OK, now I am in my first workshop at the Web 2.0 Expo. Scott Hirsch, founder of Management Innovation Group (MIG) out of San Francisco is inviting people to think about innovation issues they are facing.
[…] getting honest about the real assets you bring to the table and finding ways to work with the network instead of fighting the changes it represents. This means explicitly changing the way you work and collaborate to set direction, scope opportunity, and build capabilities to rapidly assess business changes and react to them … or choose not to react.
Unfortunately I’ve been late to the show (thanks to Berlins public traffic system …), so I missed the introductory informations.

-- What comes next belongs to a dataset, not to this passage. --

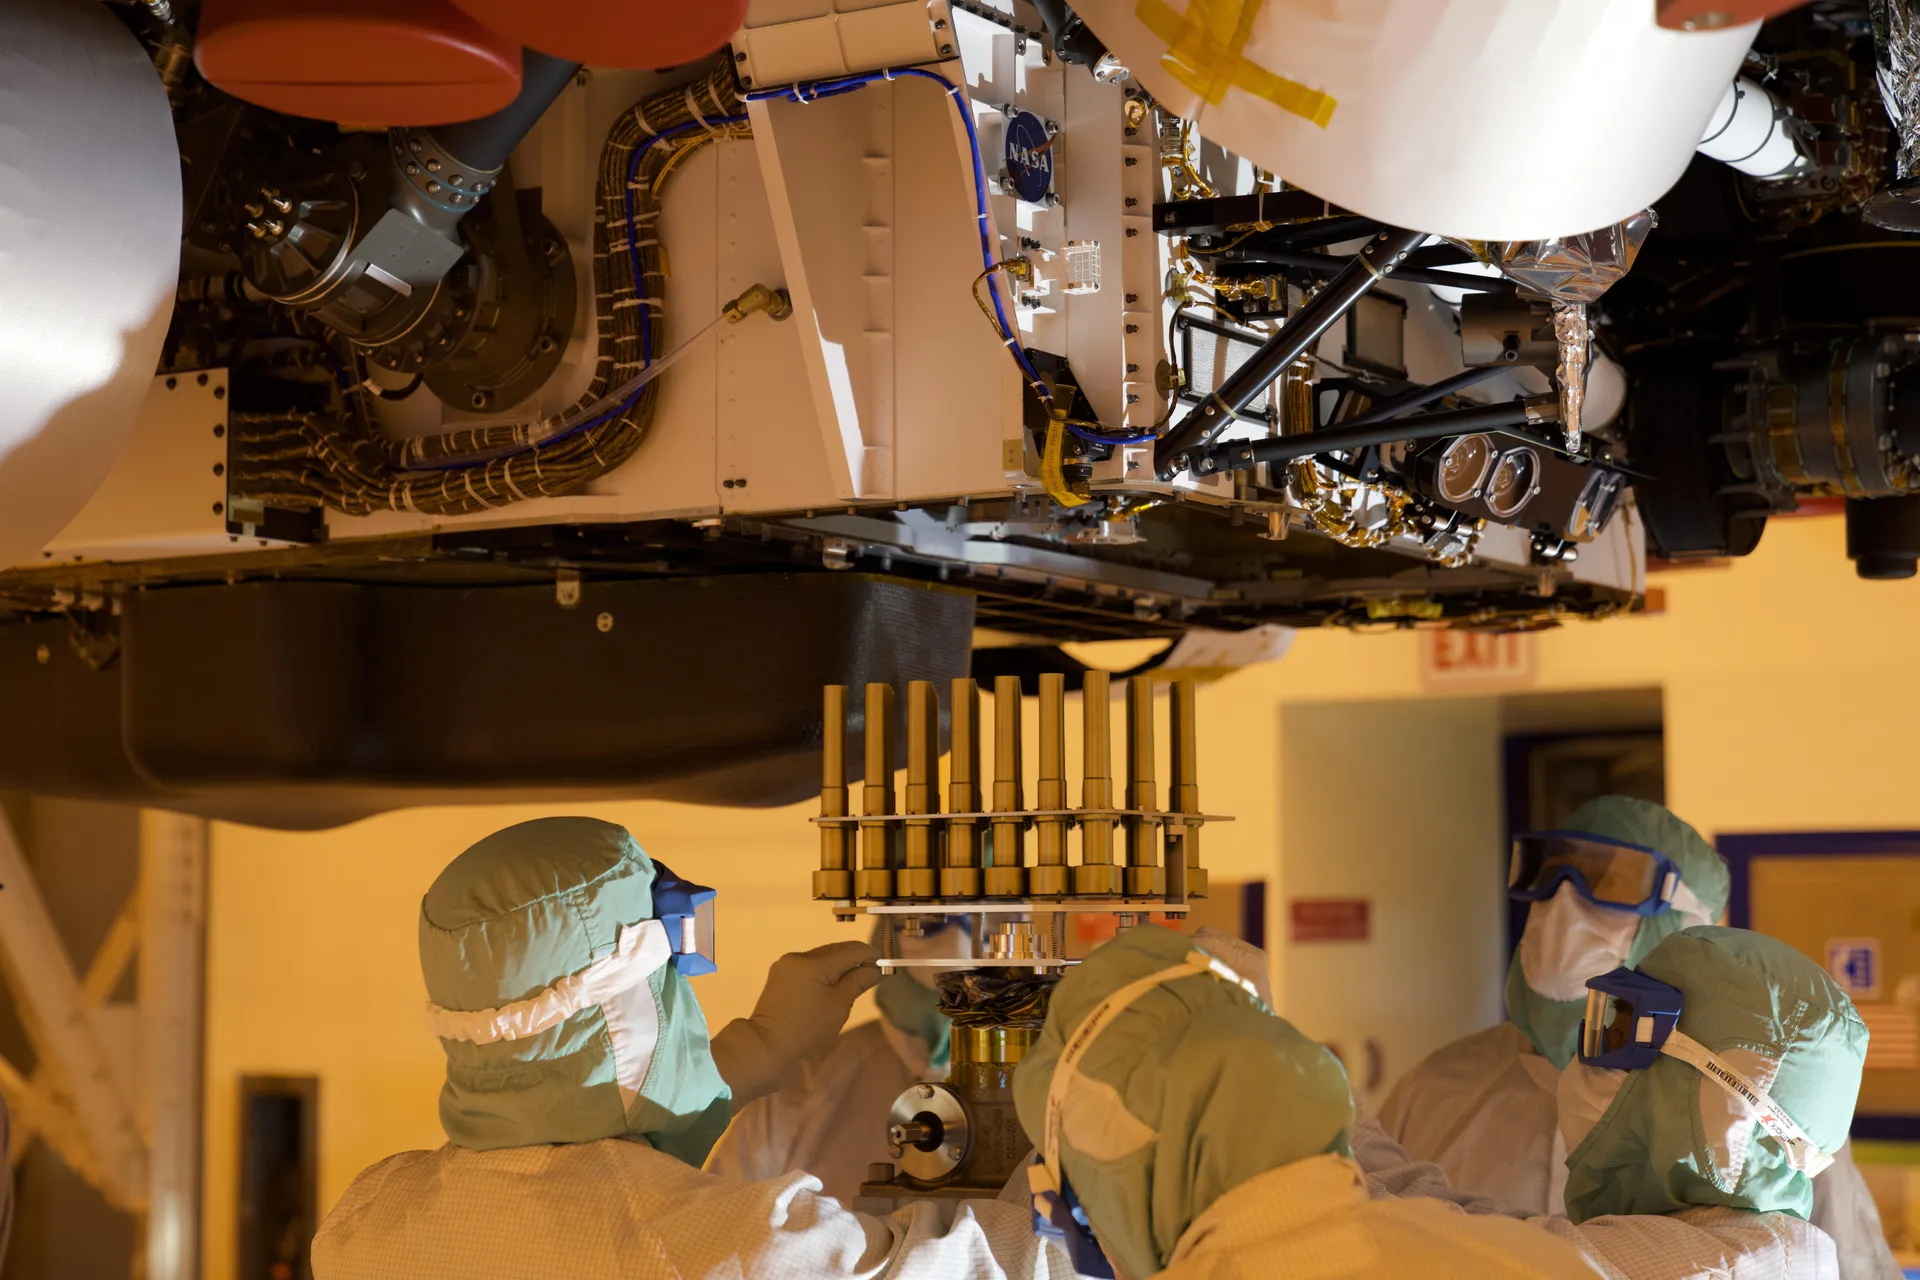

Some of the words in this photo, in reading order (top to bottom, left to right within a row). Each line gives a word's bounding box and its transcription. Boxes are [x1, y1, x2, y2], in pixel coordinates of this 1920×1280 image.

[1009, 142, 1049, 173] NASA
[1050, 421, 1059, 446] flight
[1047, 448, 1055, 479] before

I will try to get my hands on the slides, and provide the agenda and more then.
Scott introduced the audience to the changed business environment in the Web 2.0 era, some important points being
- You don’t own your ideas
- It is really easy to start a business (and you don’t want to own the infrastructure)
First part of the workshop: Bottom up Innovation – A personal guide to Disrupting the World
- Characteristics of web 2.0 innovators (don’t overcommit to solutions, don’t overplan strategy, embrace many points of view and transparency, …)

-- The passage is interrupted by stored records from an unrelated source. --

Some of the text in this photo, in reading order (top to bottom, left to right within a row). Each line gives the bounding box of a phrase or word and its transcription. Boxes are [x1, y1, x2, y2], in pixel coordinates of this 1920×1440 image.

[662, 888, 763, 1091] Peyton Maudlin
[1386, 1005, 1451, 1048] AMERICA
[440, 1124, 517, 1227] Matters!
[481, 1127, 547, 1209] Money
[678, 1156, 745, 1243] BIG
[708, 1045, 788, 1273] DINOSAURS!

- Traits (humble, flexible, facilitative, persuasive, collaborative, passionate, persistent – but not defensive)
- They create cultures to manage (uncertainty, openness, leadership, management, hiring, strategy, competition, marketing, business and product development, …)
Nice thought and metaphor: “Web 2.0 innovators look at their business like a poker game, not a chess game”
– you don’t have all the information you need
– you constantly get more information from the other players
– you have to pay to play and for information
– every round there’s a new round of cards
– business case is useless, you just look at options
Nice example of Web 2.0 innovators view of strategy (comparing friendster, MySpace and Facebook) along axes of openness/closedness and awareness (also hinting at openness for evolving complementing business ecosystems)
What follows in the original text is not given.